» **What is required**:
Output only these lines, set down exactly: the one containing "this 1600×1200 image." and each line after it through the end of the records.

» **Dataset records**:
*** Block opens ***
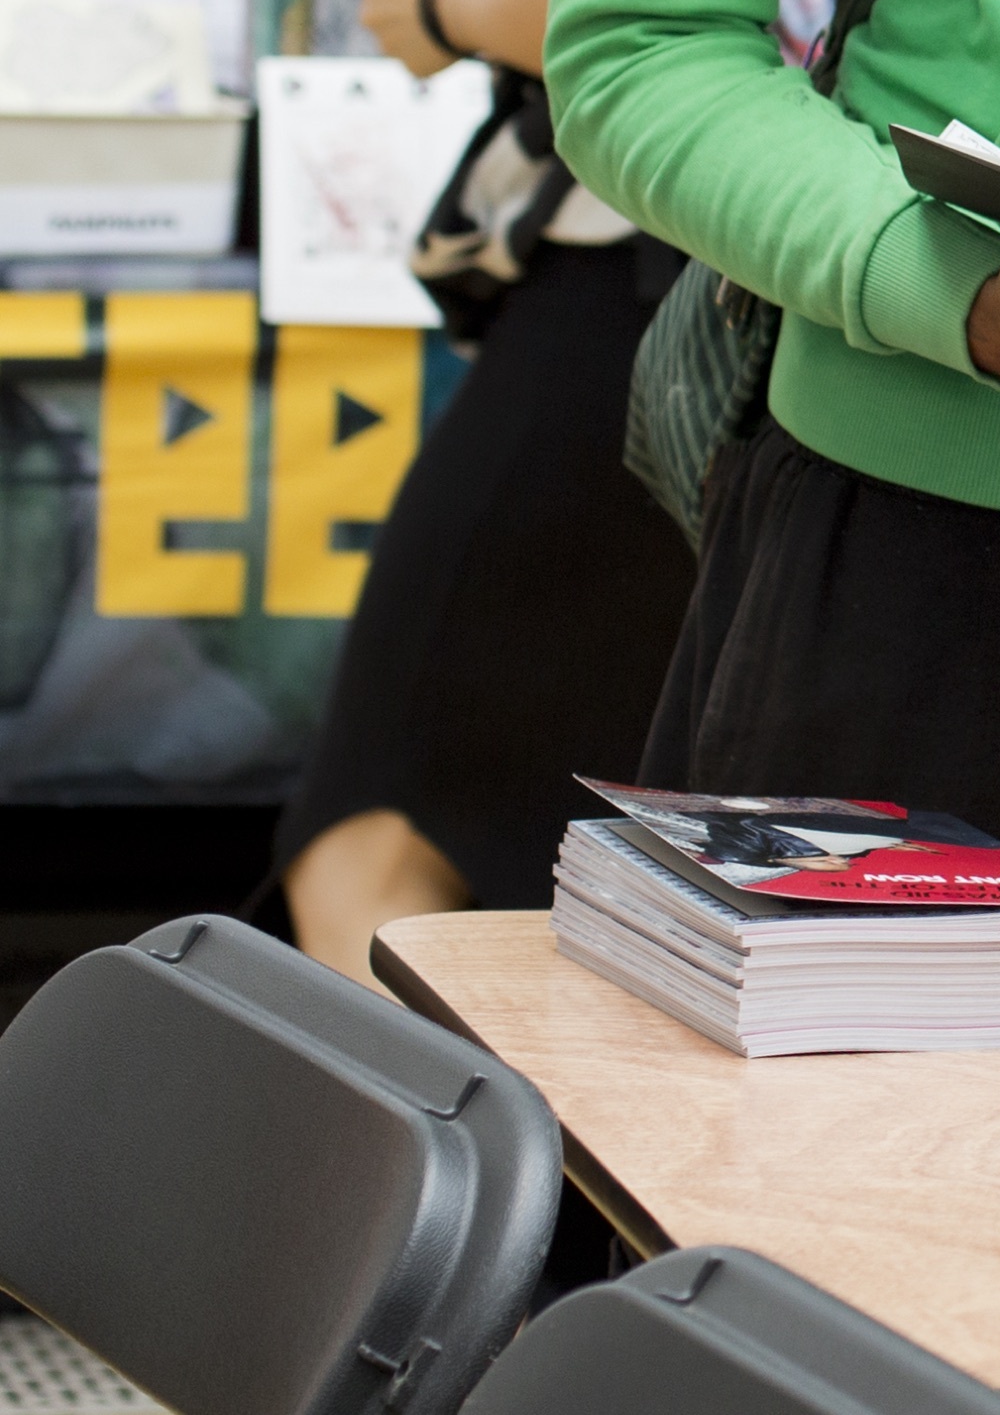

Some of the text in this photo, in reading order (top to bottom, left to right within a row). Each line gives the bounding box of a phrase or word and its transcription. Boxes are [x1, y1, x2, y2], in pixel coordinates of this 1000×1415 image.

[863, 873, 947, 884] ROW
[819, 880, 884, 890] THE
[890, 882, 936, 892] OF
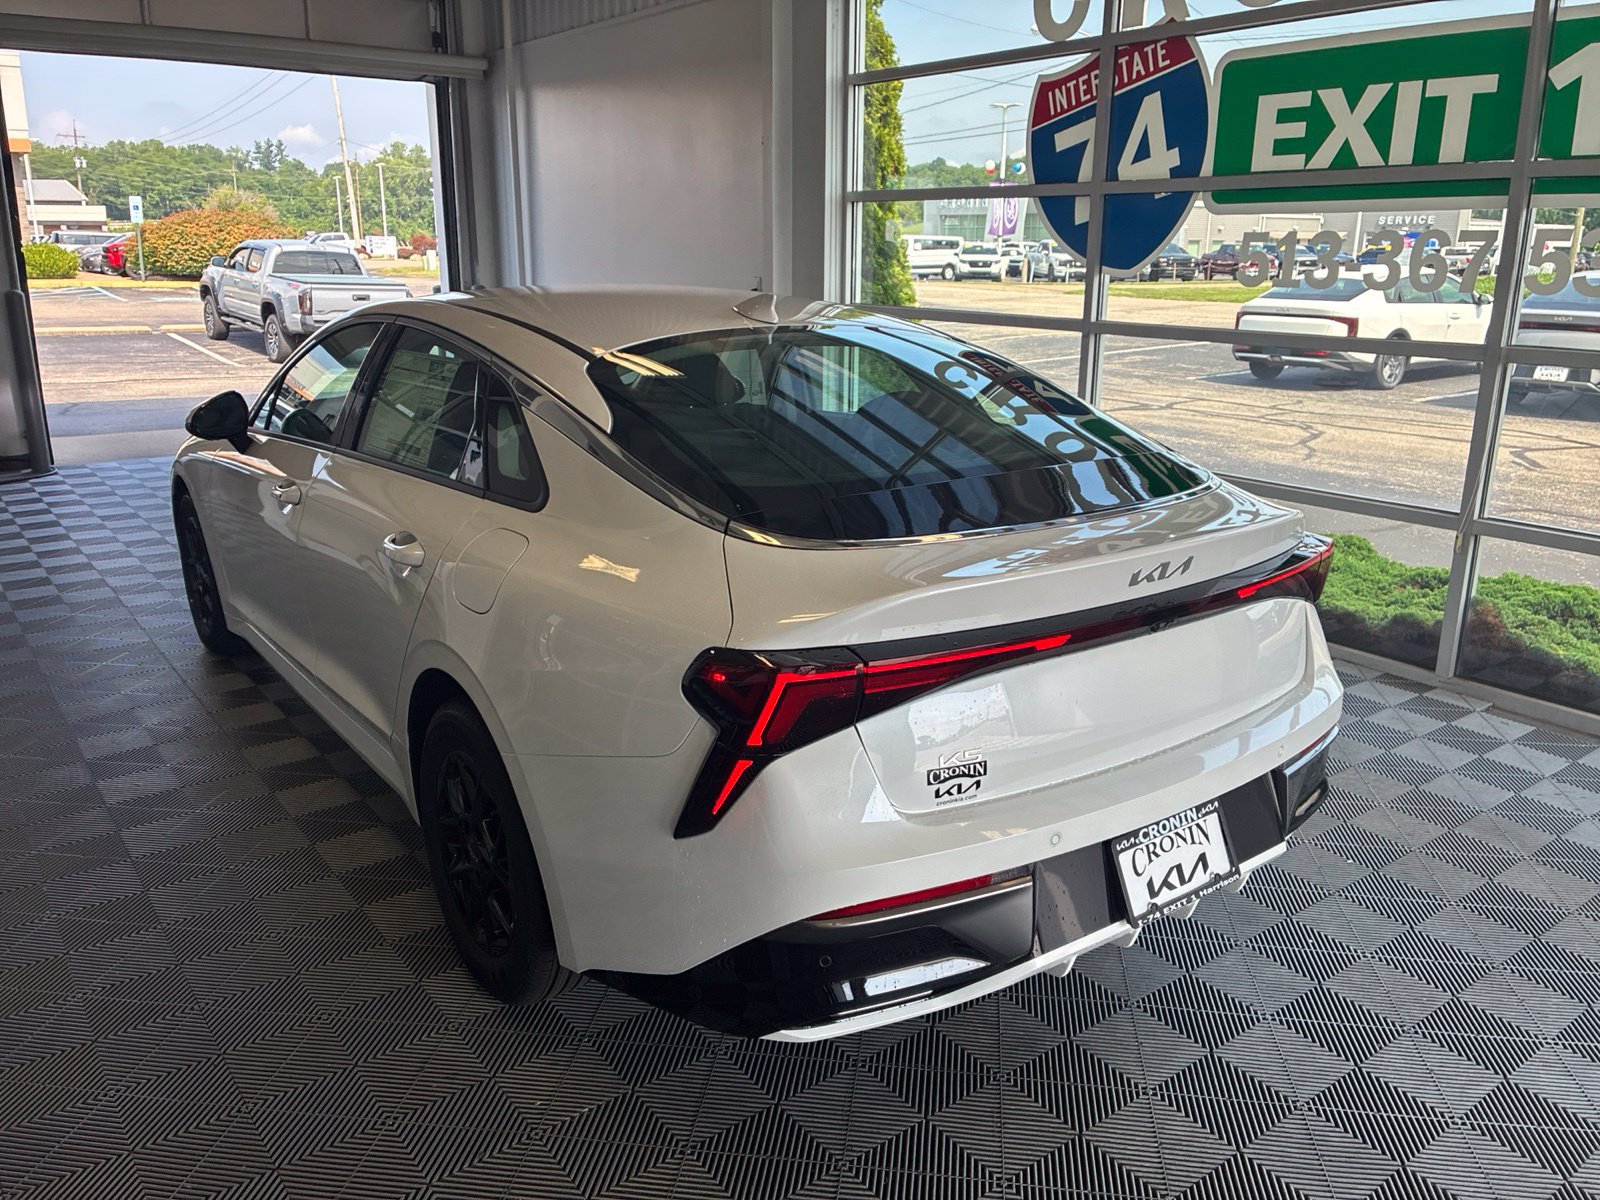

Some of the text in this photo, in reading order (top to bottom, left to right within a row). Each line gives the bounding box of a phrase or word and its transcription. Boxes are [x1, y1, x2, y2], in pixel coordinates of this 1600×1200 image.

[1048, 40, 1170, 116] INTERTATE
[1250, 73, 1499, 173] EXIT
[1054, 91, 1180, 225] 74
[1378, 215, 1436, 225] SERVICE
[1129, 555, 1194, 587] KIA
[930, 762, 985, 784] CRONIN
[935, 779, 981, 799] KIA
[936, 794, 978, 806] croninkia.com
[1140, 808, 1197, 843] CRONIN
[1132, 819, 1211, 877] CRONIN
[1146, 851, 1209, 900] KIA
[1137, 875, 1240, 928] I-74 EXIT 1 Harrison
*** Block closes ***
» **Result of this exercise**:
Some of the text in this photo, in reading order (top to bottom, left to right within a row). Each line gives the bounding box of a phrase or word and its transcription. Boxes are [x1, y1, x2, y2], in pixel coordinates of this 1600×1200 image.

[1048, 40, 1170, 116] INTERTATE
[1250, 73, 1499, 173] EXIT
[1054, 91, 1180, 225] 74
[1378, 215, 1436, 225] SERVICE
[1129, 555, 1194, 587] KIA
[930, 762, 985, 784] CRONIN
[935, 779, 981, 799] KIA
[936, 794, 978, 806] croninkia.com
[1140, 808, 1197, 843] CRONIN
[1132, 819, 1211, 877] CRONIN
[1146, 851, 1209, 900] KIA
[1137, 875, 1240, 928] I-74 EXIT 1 Harrison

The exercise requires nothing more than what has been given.